> [Task data]:
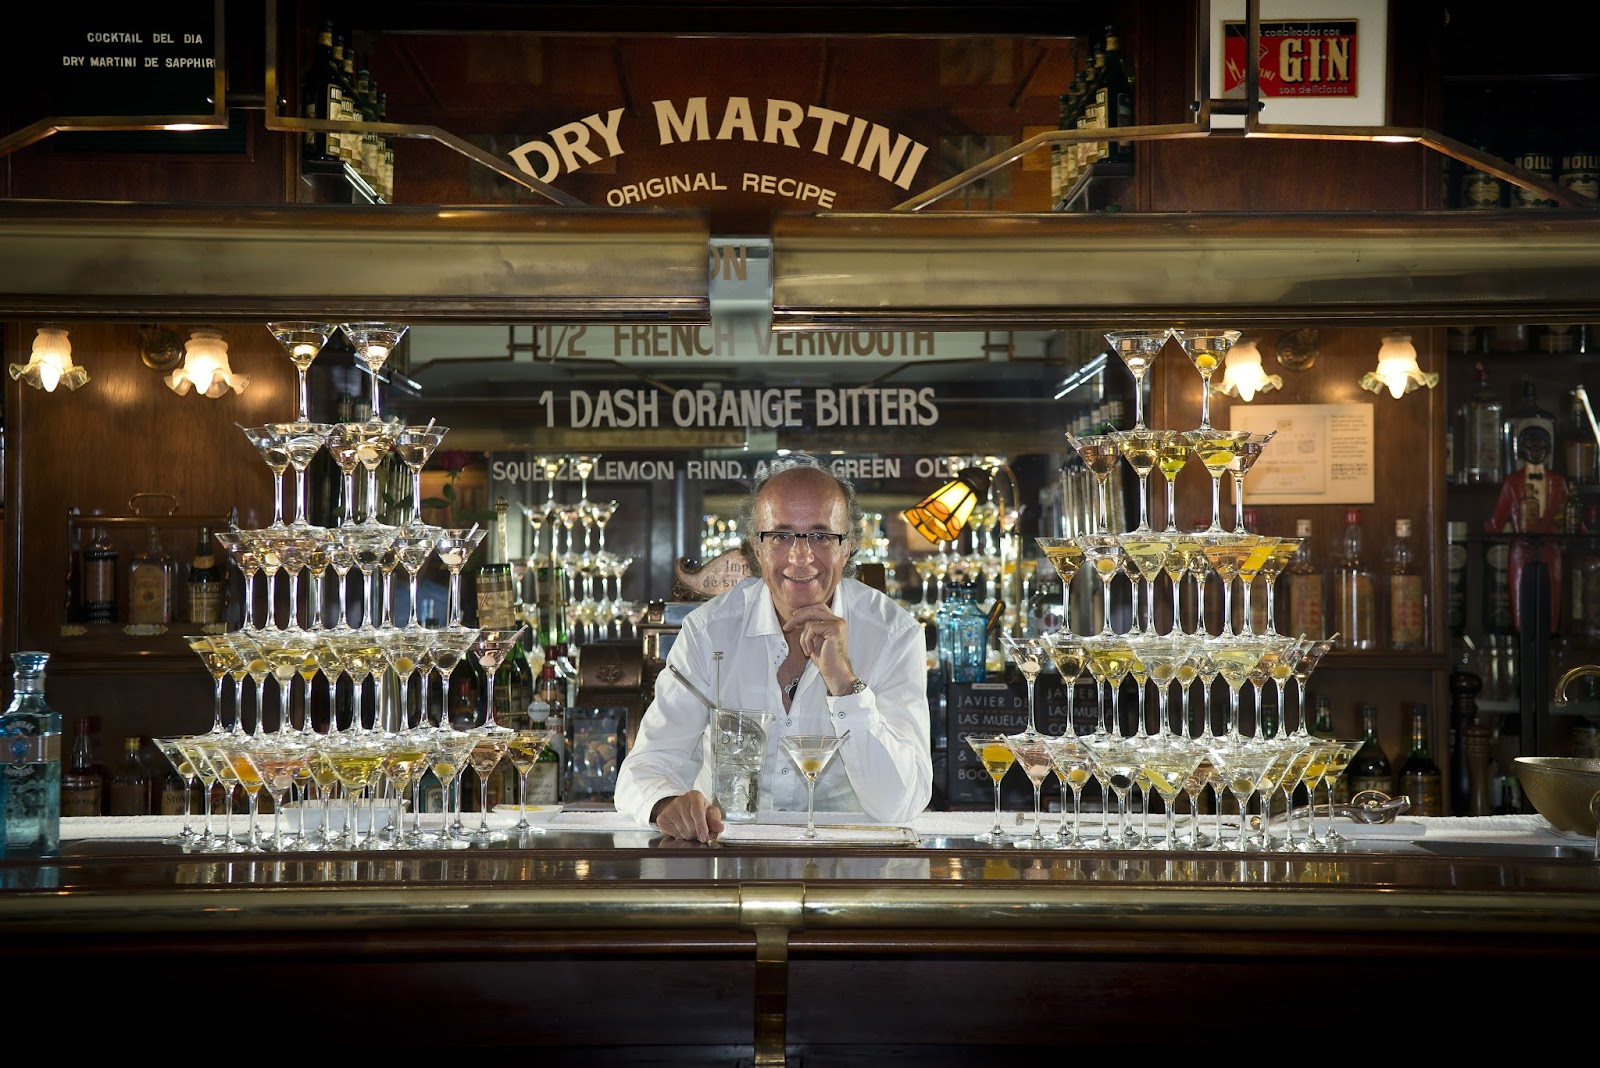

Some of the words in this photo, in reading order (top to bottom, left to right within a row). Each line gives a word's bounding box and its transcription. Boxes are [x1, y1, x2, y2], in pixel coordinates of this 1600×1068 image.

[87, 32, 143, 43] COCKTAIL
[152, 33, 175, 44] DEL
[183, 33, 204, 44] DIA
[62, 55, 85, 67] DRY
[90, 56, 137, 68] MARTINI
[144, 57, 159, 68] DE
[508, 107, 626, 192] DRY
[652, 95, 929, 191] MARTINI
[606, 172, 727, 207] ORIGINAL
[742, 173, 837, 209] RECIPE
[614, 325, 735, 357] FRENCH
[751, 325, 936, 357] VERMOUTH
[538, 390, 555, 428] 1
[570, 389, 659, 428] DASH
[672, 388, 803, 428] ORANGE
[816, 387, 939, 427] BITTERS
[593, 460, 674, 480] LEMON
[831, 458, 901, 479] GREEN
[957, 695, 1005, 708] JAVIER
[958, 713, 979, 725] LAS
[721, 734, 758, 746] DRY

> [What the task requires]:
Return every entry unchanged and skip the pictures.

> [Written answer]:
Some of the words in this photo, in reading order (top to bottom, left to right within a row). Each line gives a word's bounding box and its transcription. Boxes are [x1, y1, x2, y2], in pixel coordinates of this 1600×1068 image.

[87, 32, 143, 43] COCKTAIL
[152, 33, 175, 44] DEL
[183, 33, 204, 44] DIA
[62, 55, 85, 67] DRY
[90, 56, 137, 68] MARTINI
[144, 57, 159, 68] DE
[508, 107, 626, 192] DRY
[652, 95, 929, 191] MARTINI
[606, 172, 727, 207] ORIGINAL
[742, 173, 837, 209] RECIPE
[614, 325, 735, 357] FRENCH
[751, 325, 936, 357] VERMOUTH
[538, 390, 555, 428] 1
[570, 389, 659, 428] DASH
[672, 388, 803, 428] ORANGE
[816, 387, 939, 427] BITTERS
[593, 460, 674, 480] LEMON
[831, 458, 901, 479] GREEN
[957, 695, 1005, 708] JAVIER
[958, 713, 979, 725] LAS
[721, 734, 758, 746] DRY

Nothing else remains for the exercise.